Democrats slam Georgia GOP official who touts Republican ‘fertility advantage’

Brant Frost V is the second vice-chair of the Georgia GOP. YouTube/screenshot.

Brant Frost V is the second vice-chair of the Georgia GOP. YouTube/screenshot.

Georgia Democrats blasted a state GOP official who told a conservative gathering that Republicans are destined to dominate politics over the next few decades because Democratic women "forgot to reproduce."

Brant Frost V, who was recently elected the state party’s second vice-chair, said at a recent Oconee County GOP meeting that Republicans enjoy a “fertility advantage” over Democrats who are more likely to support abortion rights.

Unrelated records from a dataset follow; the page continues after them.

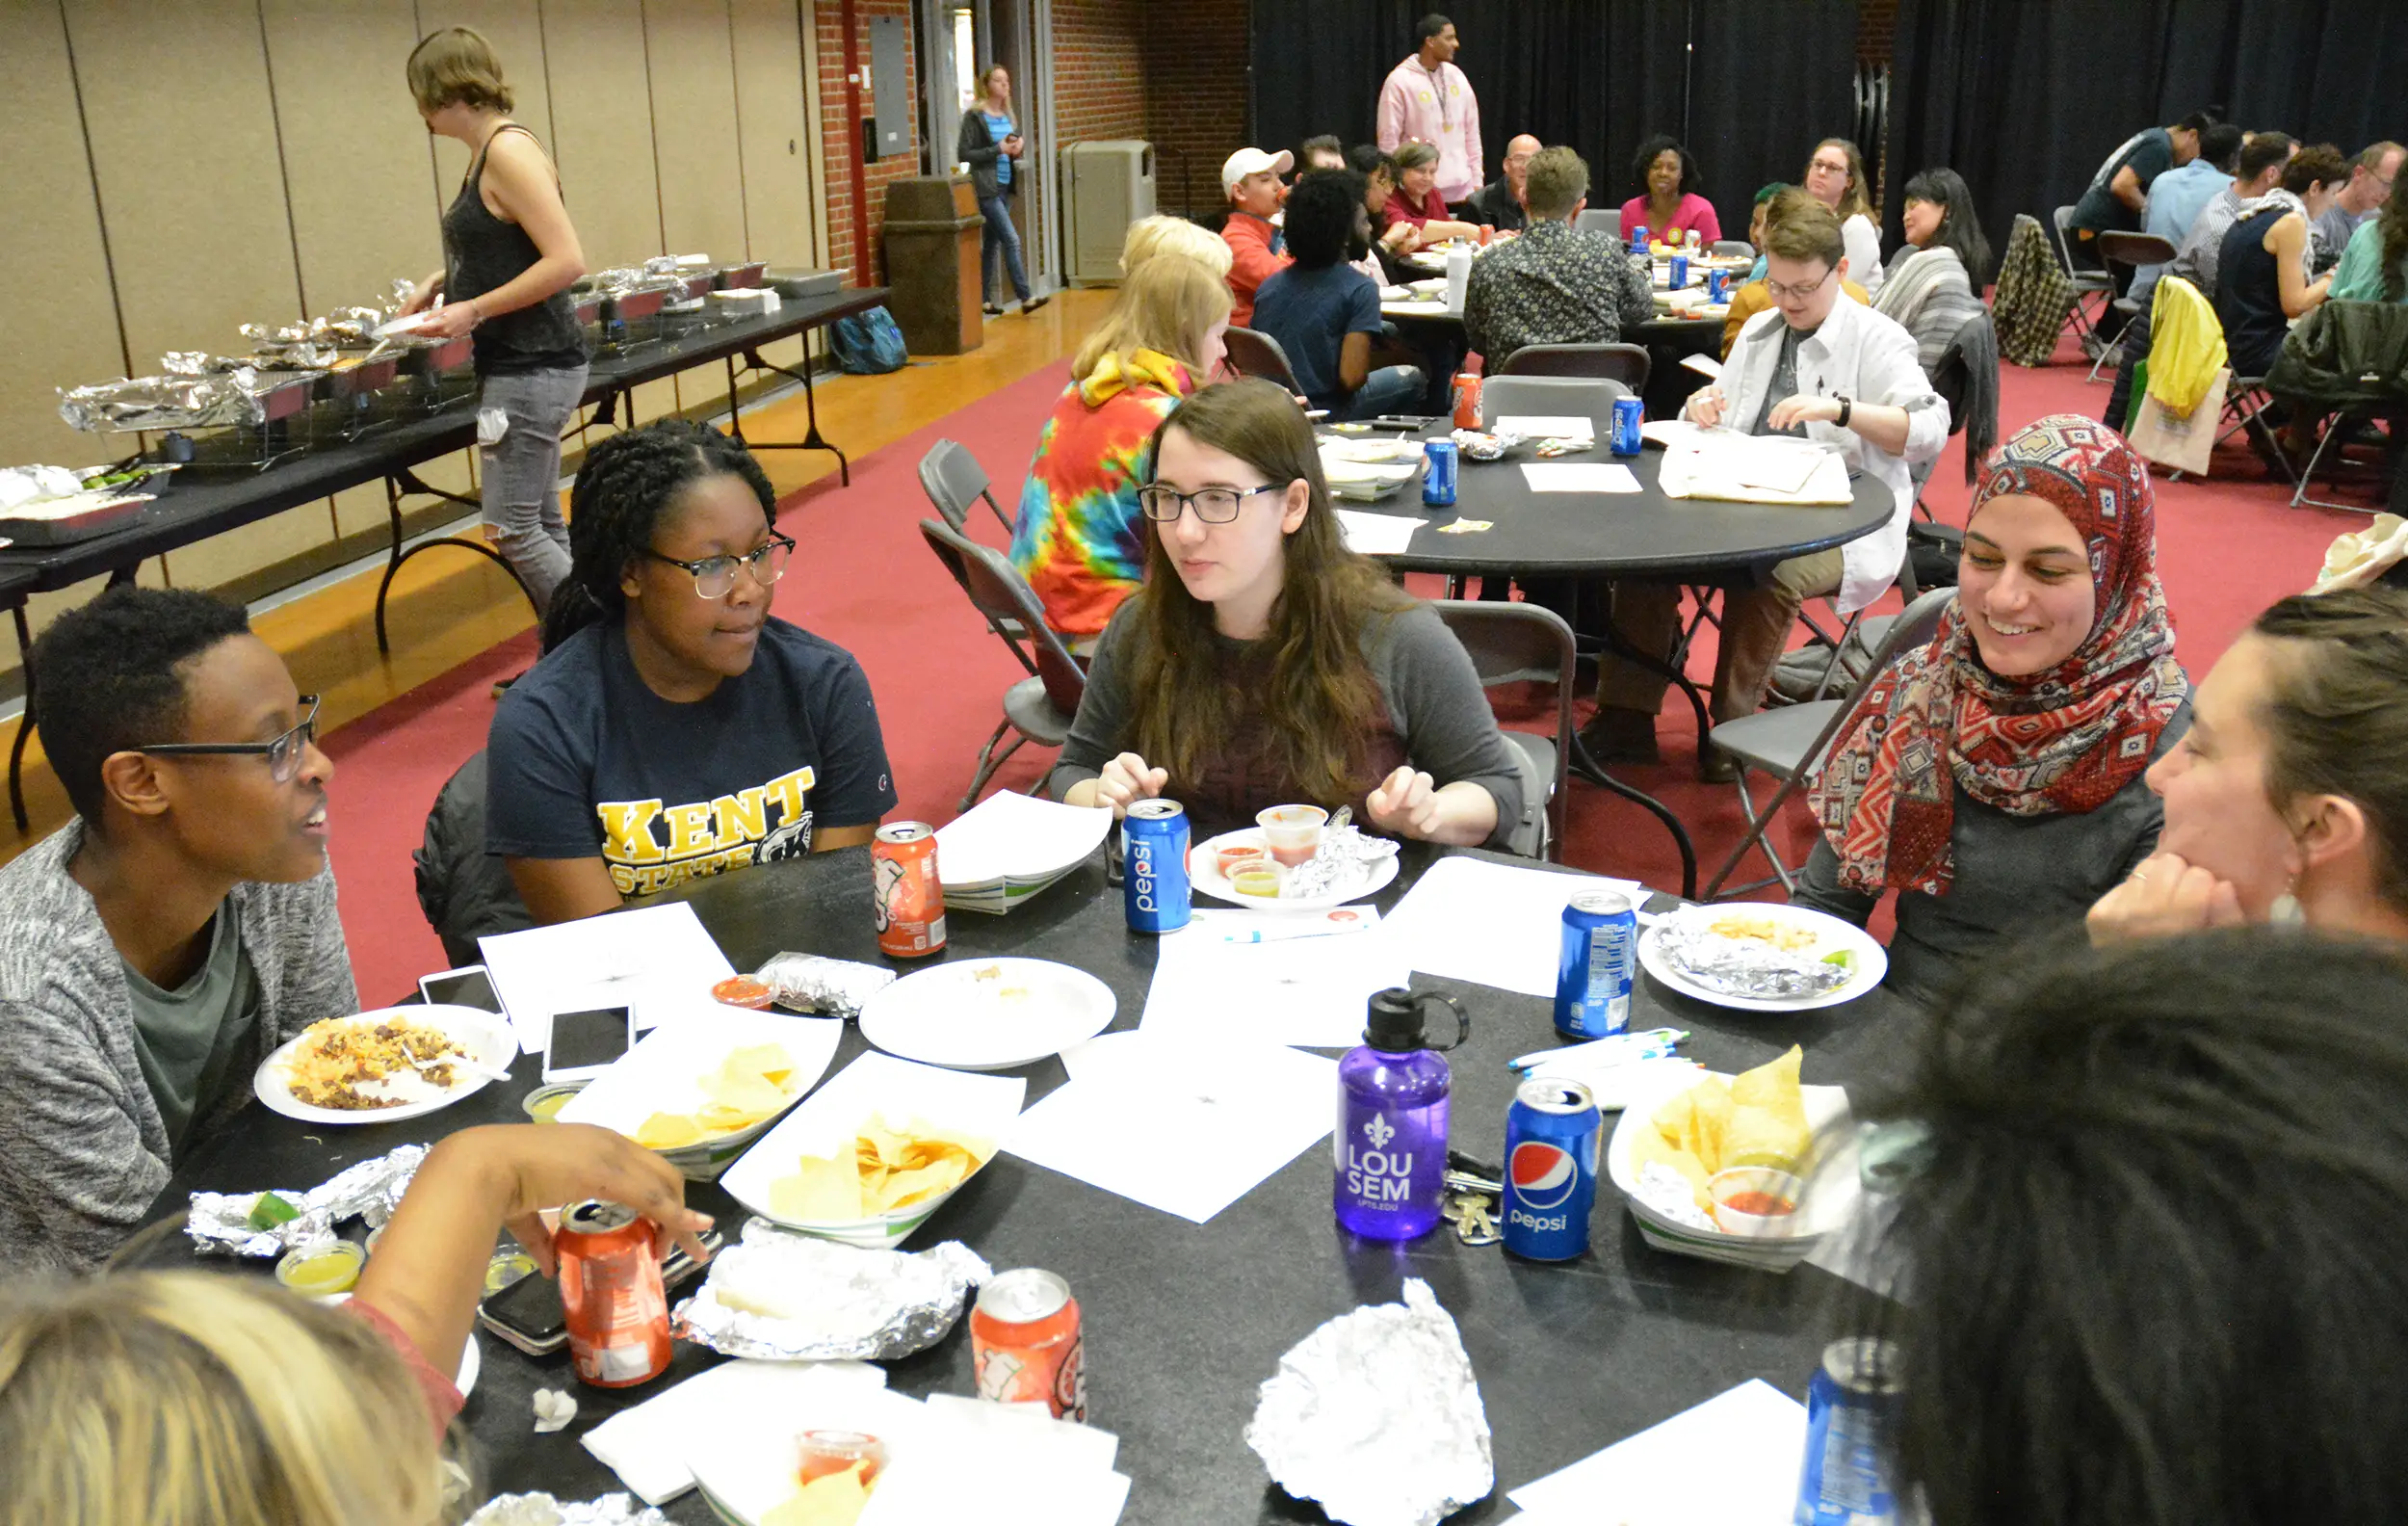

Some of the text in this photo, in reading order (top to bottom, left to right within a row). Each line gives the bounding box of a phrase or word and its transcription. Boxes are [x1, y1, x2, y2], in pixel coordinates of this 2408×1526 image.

[597, 766, 816, 864] KENT
[1131, 839, 1159, 912] pepsi
[1348, 1144, 1413, 1177] LOU
[1348, 1170, 1410, 1201] SEM
[1510, 1209, 1567, 1233] pepsi
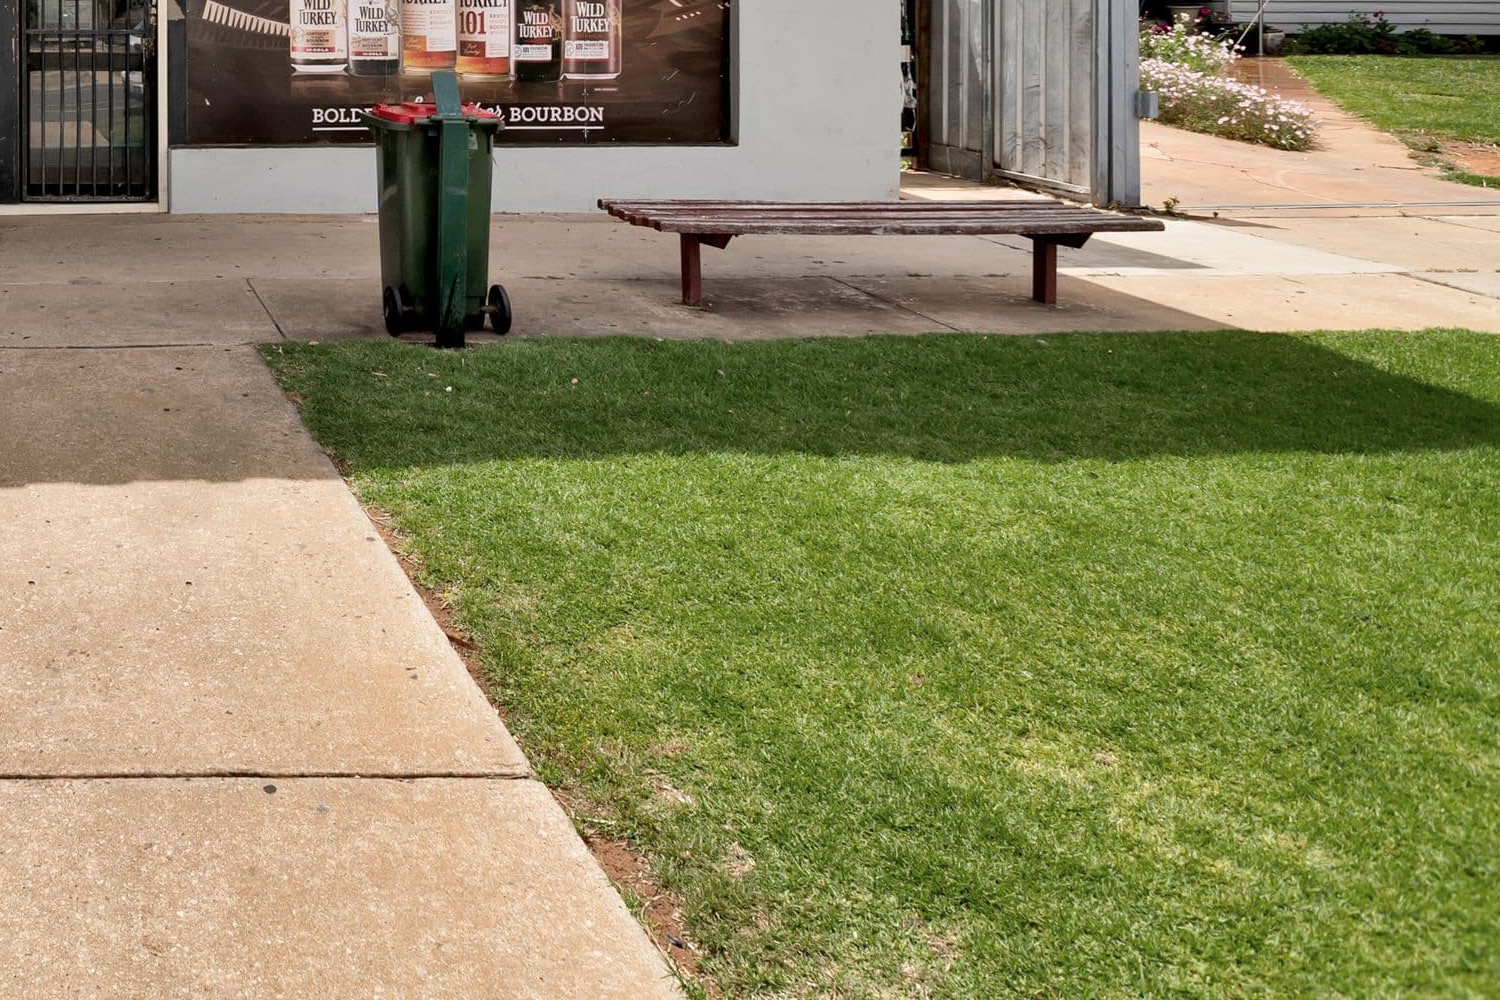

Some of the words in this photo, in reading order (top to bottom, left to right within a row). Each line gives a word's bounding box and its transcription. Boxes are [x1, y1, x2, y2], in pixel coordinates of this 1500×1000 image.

“The other side has a culture of death. We have a culture of life. Christian and conservative women have a 35% fertility advantage over Democrat women,” he asserted. “And the more conservative a woman is, the more likely she is to be married and have lots of kids.”

He then predicted “an explosion, a reawakening” of traditional values in two or three decades.

Said Frost:

"They've done everything. They've got the institutions. They've got the universities. They've got Hollywood. They've got big tech. They've got everything. But they forgot one little thing: They forgot to reproduce. They forgot to have babies. And we didn't. And in 20 years, we're going to inherit those institutions."  

The video of his remarks, posted by the Oconee County Observations blog, made the rounds in political circles over the weekend. Democratic Party of Georgia spokeswoman Maggie Chambers said Frost epitomized how state Republican officials see women.

“Brant Frost said out loud what the Georgia GOP has already made clear with their backwards policy agenda – they only value women for their ability to reproduce,” she said. “Georgia women know their worth and will show up to vote them out.”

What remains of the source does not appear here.